- REQUIRED WORK:
The records below are to be output exactly, except for their pictures.

- DATASET ENTRIES:
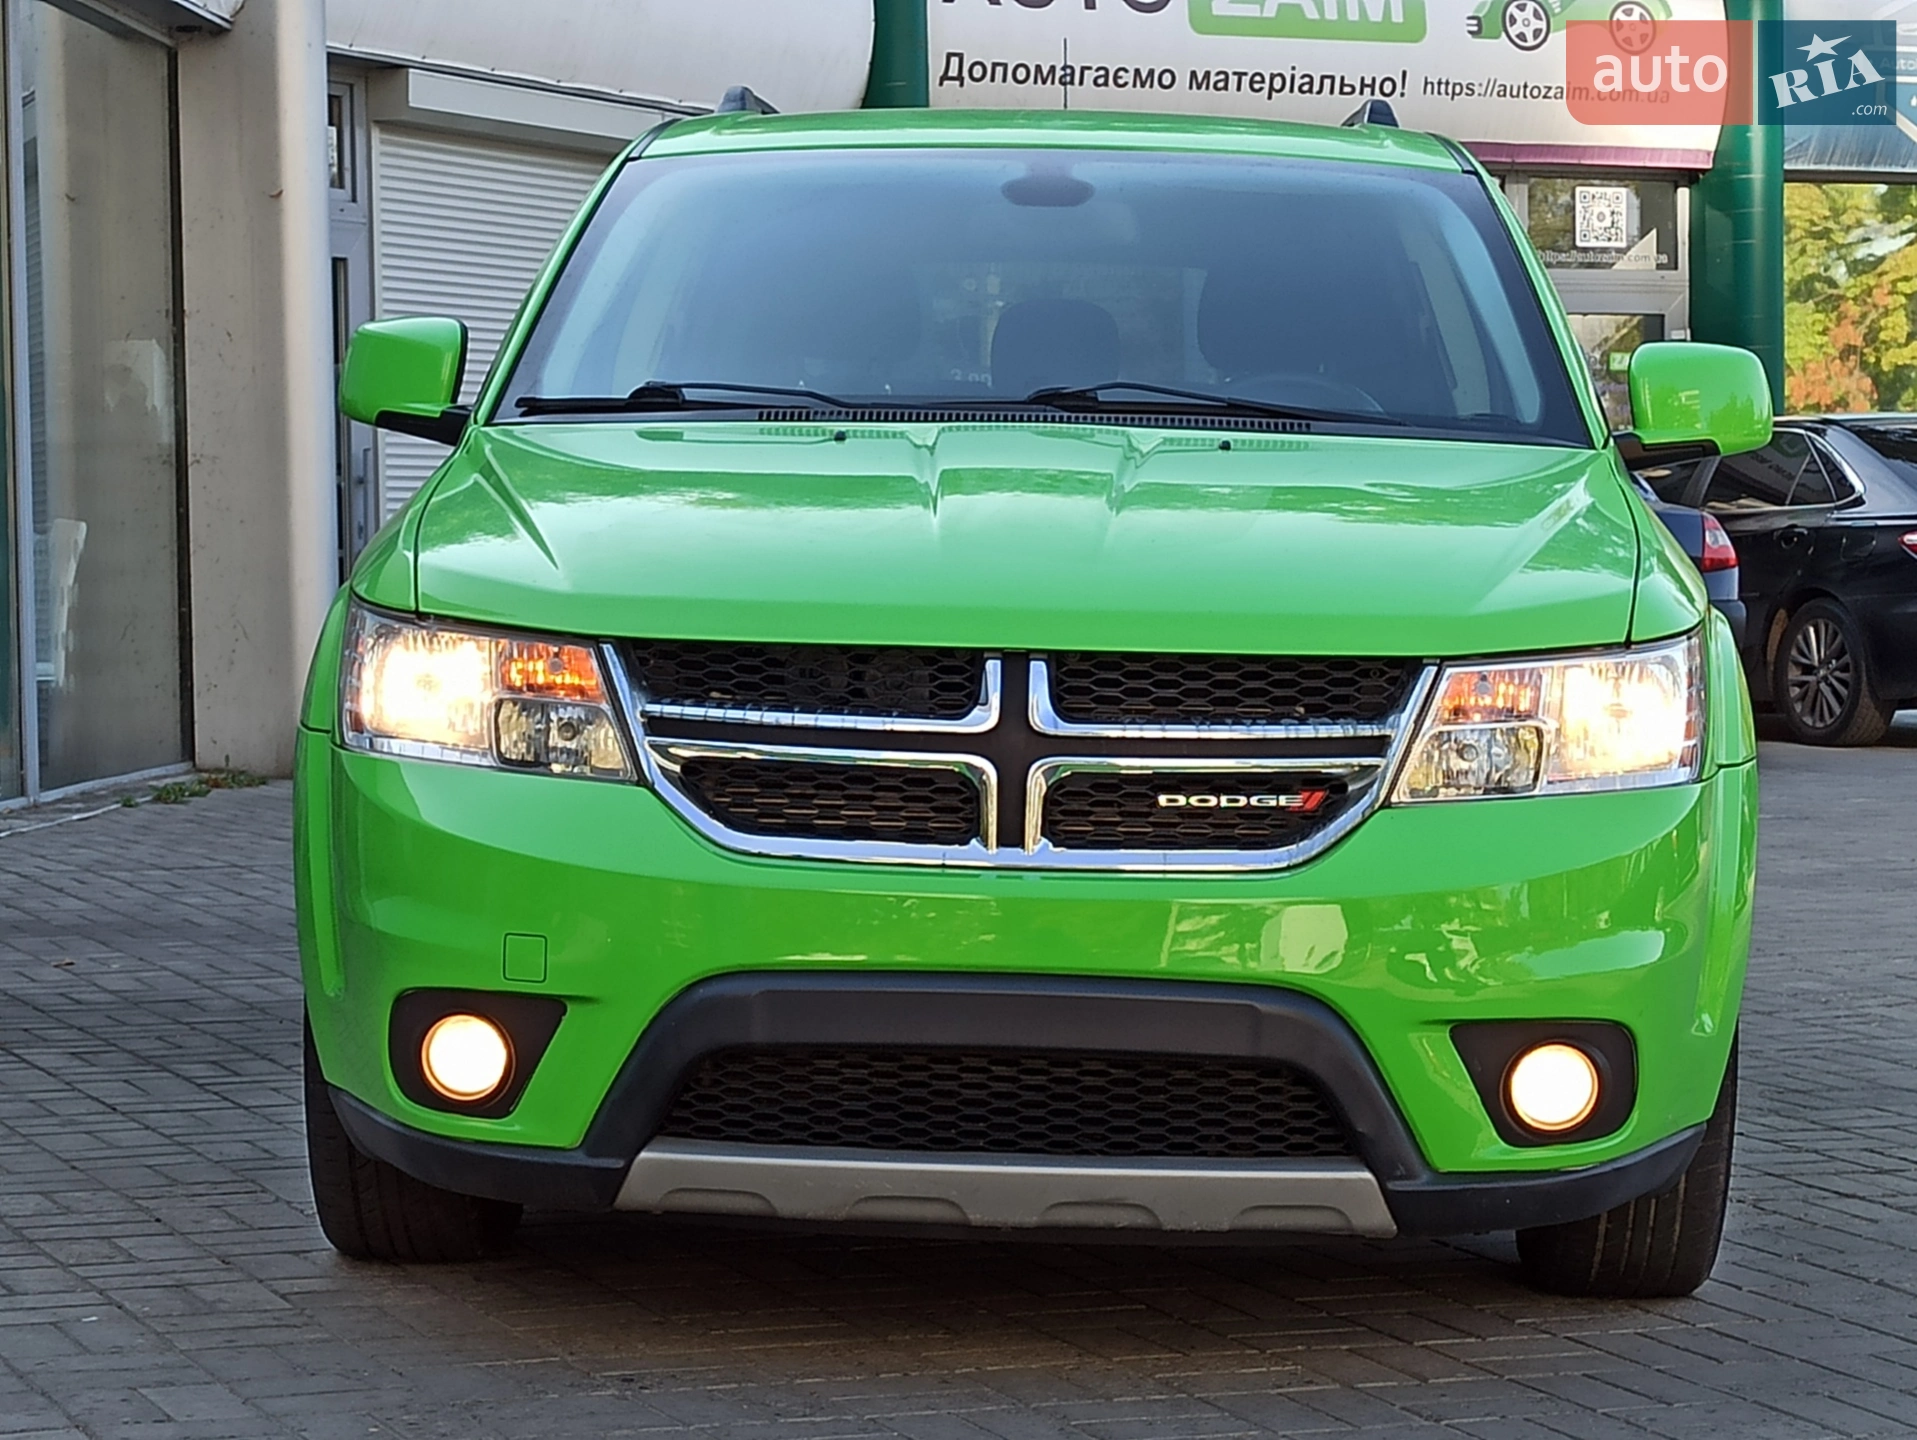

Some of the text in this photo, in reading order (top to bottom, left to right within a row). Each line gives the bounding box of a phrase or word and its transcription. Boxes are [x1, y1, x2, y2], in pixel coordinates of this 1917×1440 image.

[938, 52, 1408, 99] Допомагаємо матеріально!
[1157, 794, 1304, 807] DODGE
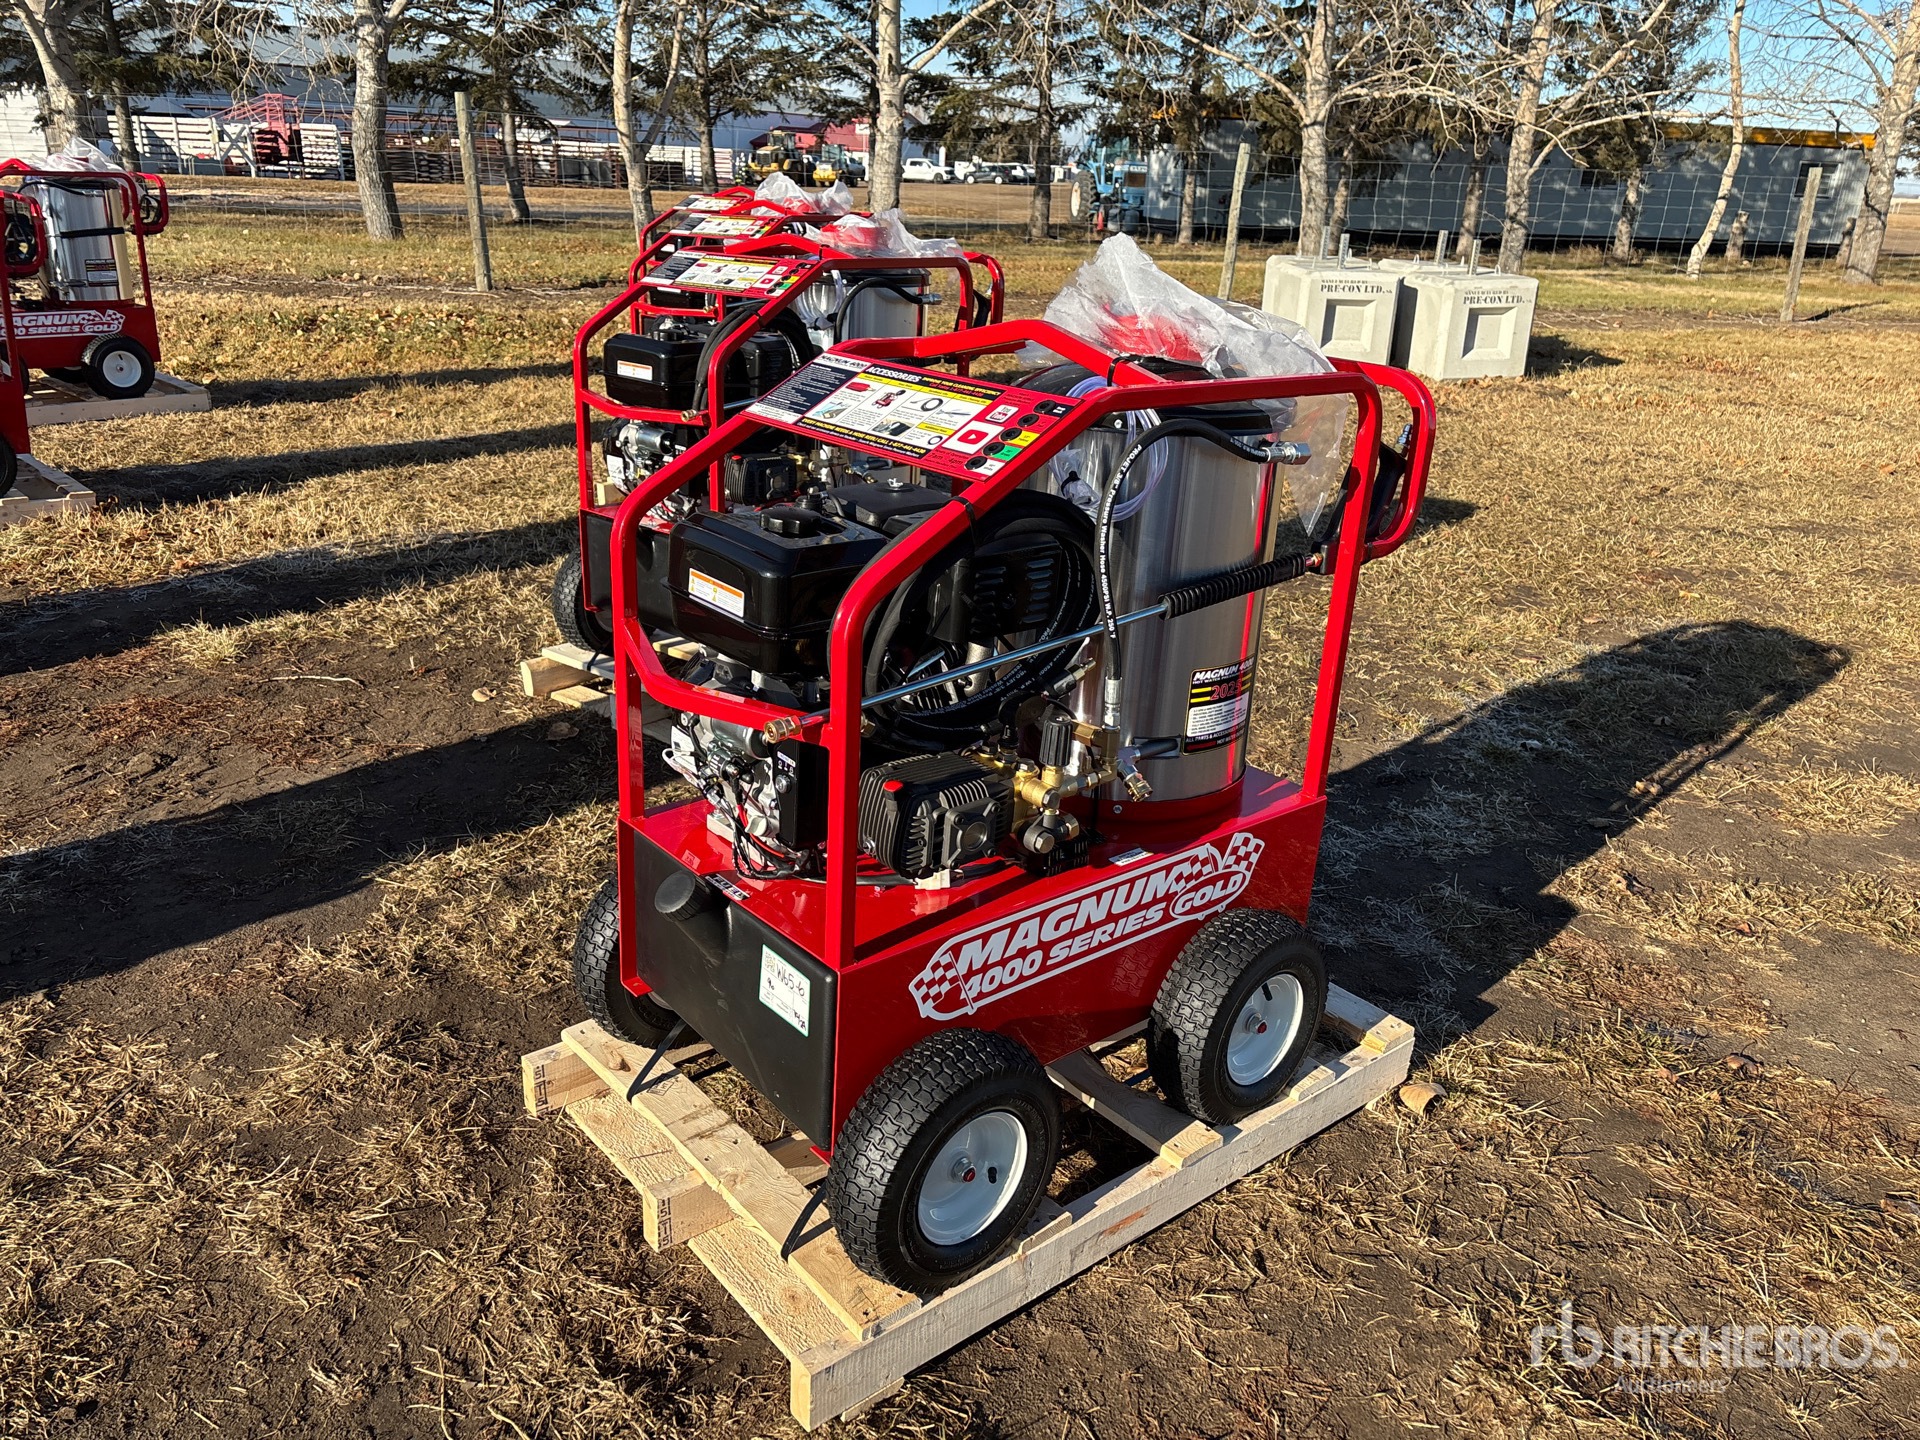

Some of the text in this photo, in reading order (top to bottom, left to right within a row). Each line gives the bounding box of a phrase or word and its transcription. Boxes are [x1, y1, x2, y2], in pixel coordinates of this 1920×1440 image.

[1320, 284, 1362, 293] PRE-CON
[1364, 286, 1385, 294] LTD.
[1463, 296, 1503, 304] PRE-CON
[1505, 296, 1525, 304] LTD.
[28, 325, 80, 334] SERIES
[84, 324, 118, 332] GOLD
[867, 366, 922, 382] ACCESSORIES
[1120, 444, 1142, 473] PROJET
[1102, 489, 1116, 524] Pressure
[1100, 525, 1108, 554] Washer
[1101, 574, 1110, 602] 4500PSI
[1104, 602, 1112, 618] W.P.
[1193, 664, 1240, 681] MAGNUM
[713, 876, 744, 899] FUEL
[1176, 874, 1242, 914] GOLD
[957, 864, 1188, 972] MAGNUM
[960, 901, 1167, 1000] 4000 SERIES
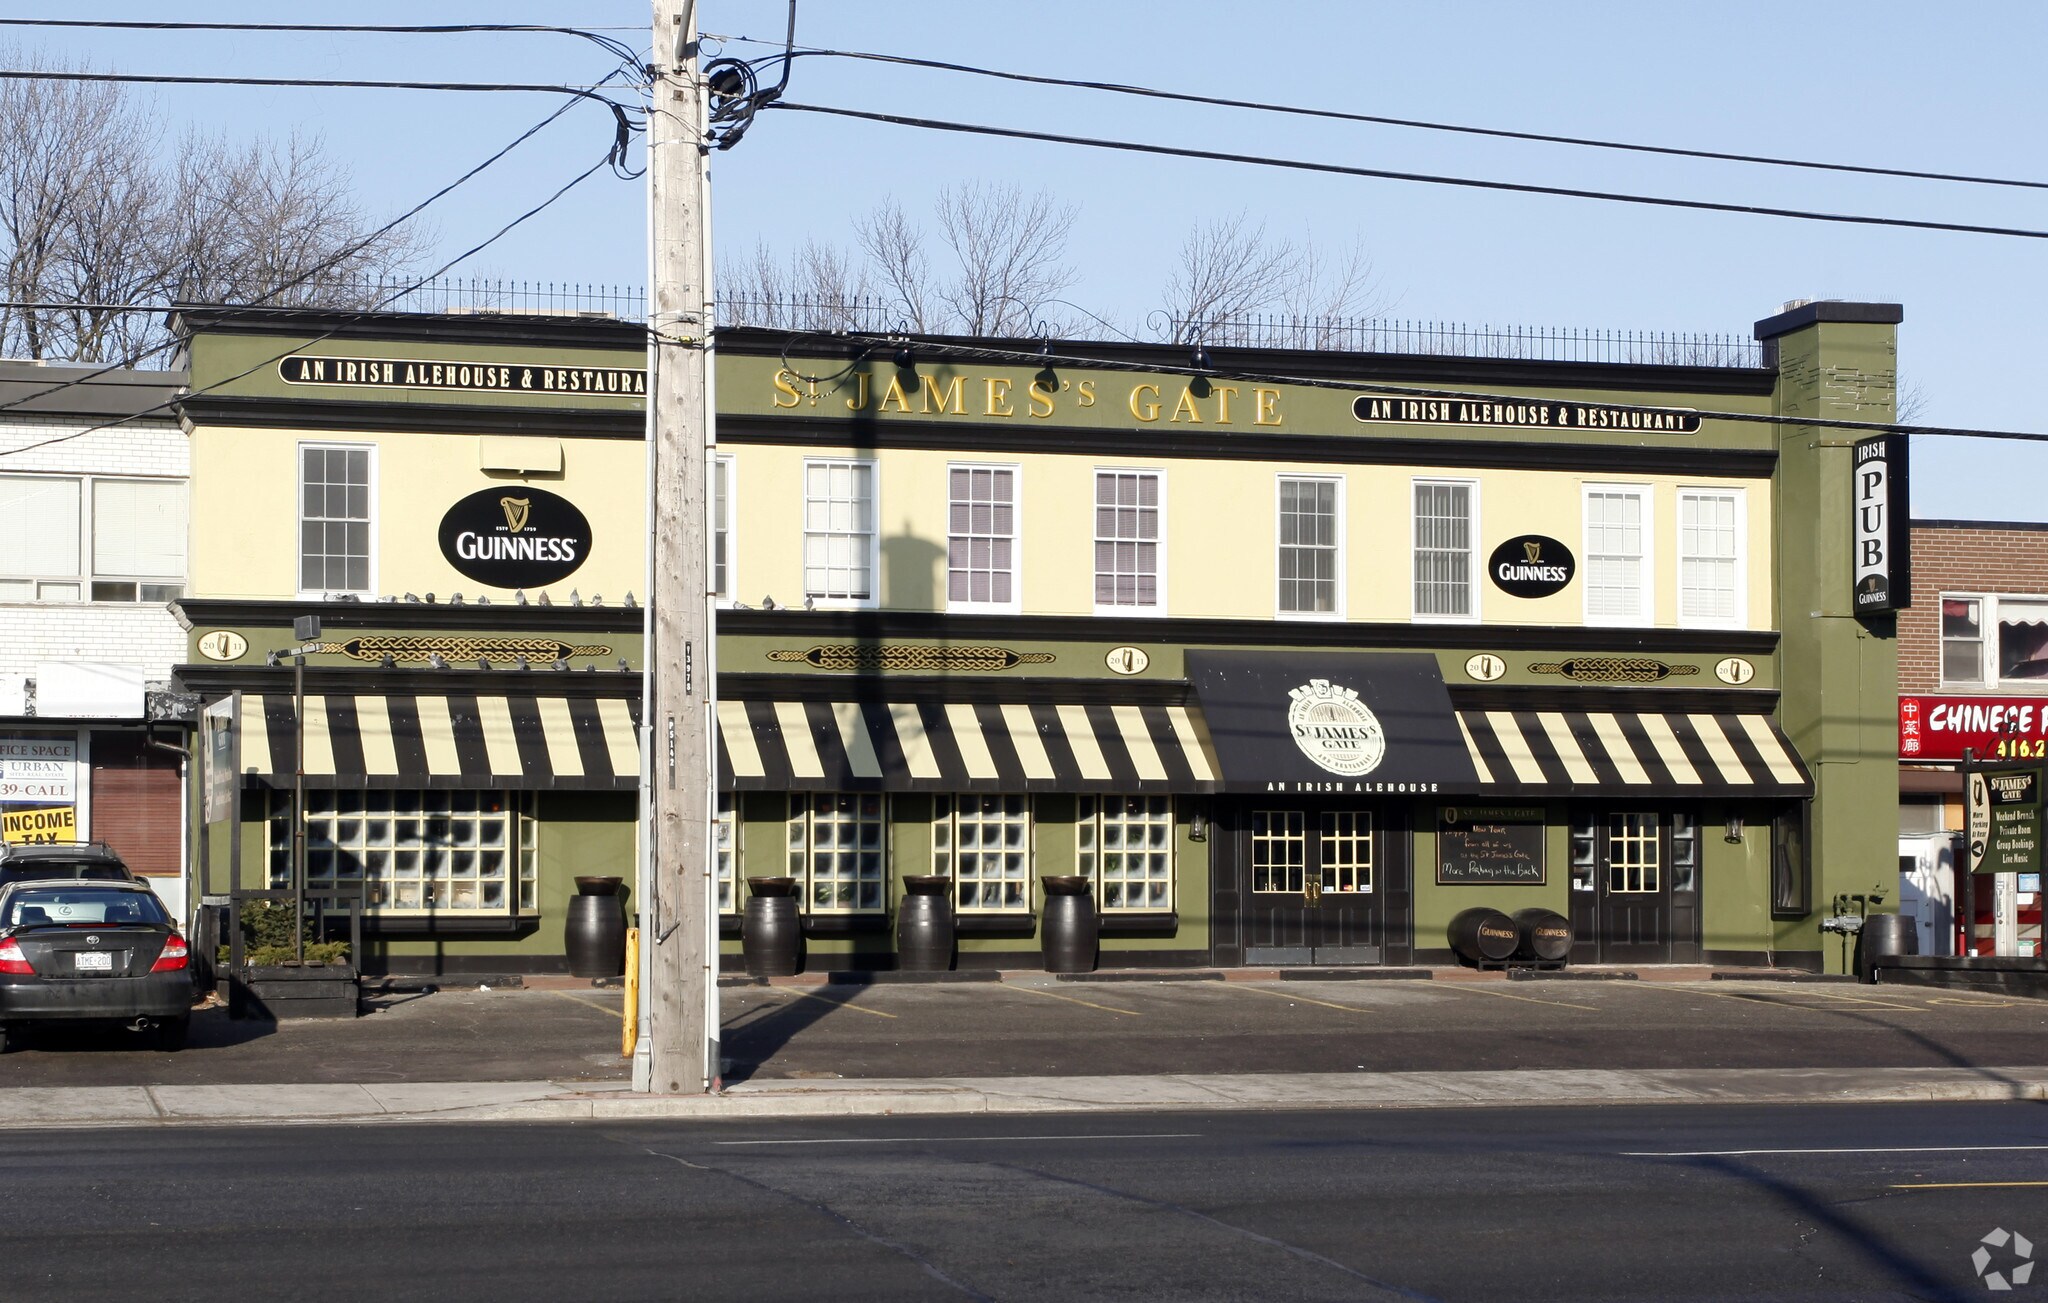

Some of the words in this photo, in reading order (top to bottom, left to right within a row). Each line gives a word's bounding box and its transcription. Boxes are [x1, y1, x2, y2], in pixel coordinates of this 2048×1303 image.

- ANSWER SPACE:
Some of the text in this photo, in reading order (top to bottom, left to right within a row). Each line gives the bounding box of a phrase or word and its transcription. Boxes are [x1, y1, x2, y2], in pixel coordinates of this 1917×1440 image.

[938, 52, 1408, 99] Допомагаємо матеріально!
[1157, 794, 1304, 807] DODGE

Some of the text in this photo, in reading order (top to bottom, left to right within a row). Each line gives the bounding box of a phrase or word and its transcription. Boxes are [x1, y1, x2, y2], in pixel coordinates of this 1920×1440 image.

[1320, 284, 1362, 293] PRE-CON
[1364, 286, 1385, 294] LTD.
[1463, 296, 1503, 304] PRE-CON
[1505, 296, 1525, 304] LTD.
[28, 325, 80, 334] SERIES
[84, 324, 118, 332] GOLD
[867, 366, 922, 382] ACCESSORIES
[1120, 444, 1142, 473] PROJET
[1102, 489, 1116, 524] Pressure
[1100, 525, 1108, 554] Washer
[1101, 574, 1110, 602] 4500PSI
[1104, 602, 1112, 618] W.P.
[1193, 664, 1240, 681] MAGNUM
[713, 876, 744, 899] FUEL
[1176, 874, 1242, 914] GOLD
[957, 864, 1188, 972] MAGNUM
[960, 901, 1167, 1000] 4000 SERIES

Some of the words in this photo, in reading order (top to bottom, left to right within a row). Each line gives a word's bounding box and its transcription. Boxes are [x1, y1, x2, y2], in pixel coordinates of this 2048×1303 image.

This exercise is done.